__WORK TASK__: With the pictures left out, every record must be reproduced exactly.

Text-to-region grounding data
⟨

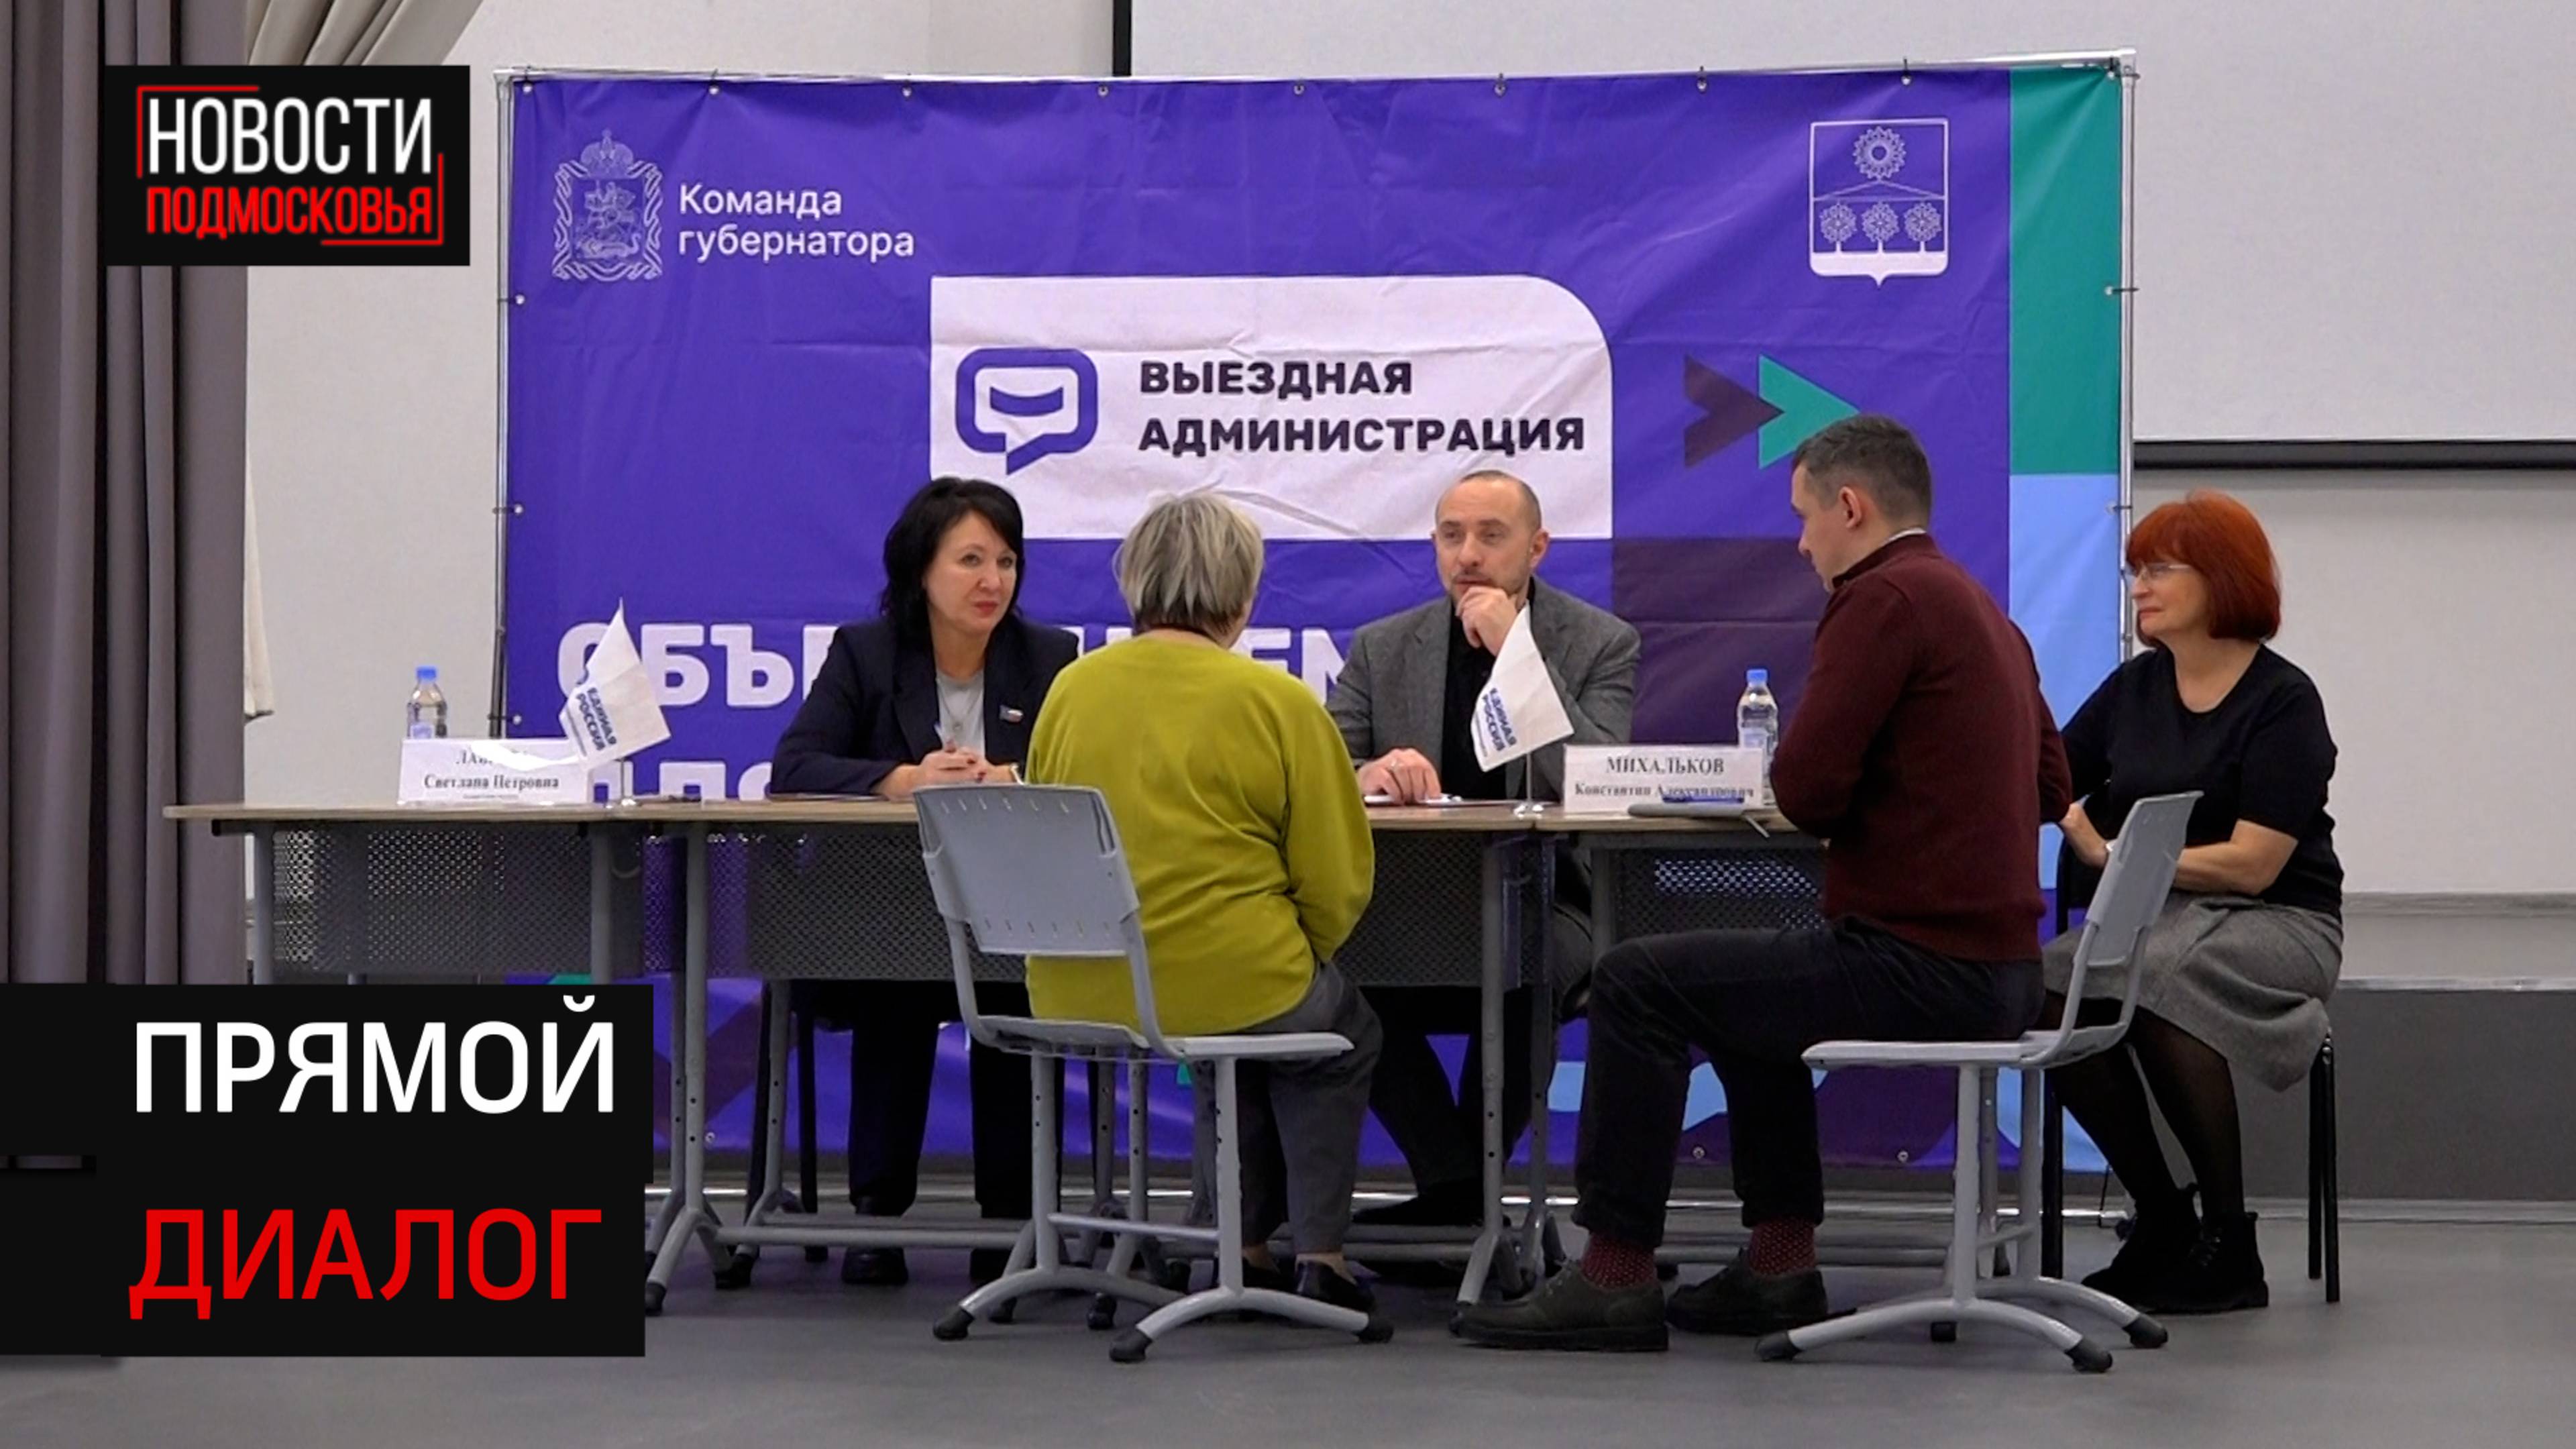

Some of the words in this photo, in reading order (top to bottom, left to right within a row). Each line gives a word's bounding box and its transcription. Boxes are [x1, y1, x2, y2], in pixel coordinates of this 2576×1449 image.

[679, 184, 843, 221] Команда
[678, 224, 914, 262] губернатора
[1140, 361, 1412, 400] ВЫЕЗДНАЯ
[1138, 417, 1585, 457] АДМИНИСТРАЦИЯ
[576, 693, 606, 751] РОССИЯ
[423, 774, 490, 789] Светлана
[493, 774, 559, 792] Петровна
[1606, 755, 1725, 775] МИХАЛЬКОВ
[1574, 782, 1651, 797] Константин

⟩

__SOLUTION__:
Some of the words in this photo, in reading order (top to bottom, left to right within a row). Each line gives a word's bounding box and its transcription. Boxes are [x1, y1, x2, y2], in pixel coordinates of this 2576×1449 image.

[679, 184, 843, 221] Команда
[678, 224, 914, 262] губернатора
[1140, 361, 1412, 400] ВЫЕЗДНАЯ
[1138, 417, 1585, 457] АДМИНИСТРАЦИЯ
[576, 693, 606, 751] РОССИЯ
[423, 774, 490, 789] Светлана
[493, 774, 559, 792] Петровна
[1606, 755, 1725, 775] МИХАЛЬКОВ
[1574, 782, 1651, 797] Константин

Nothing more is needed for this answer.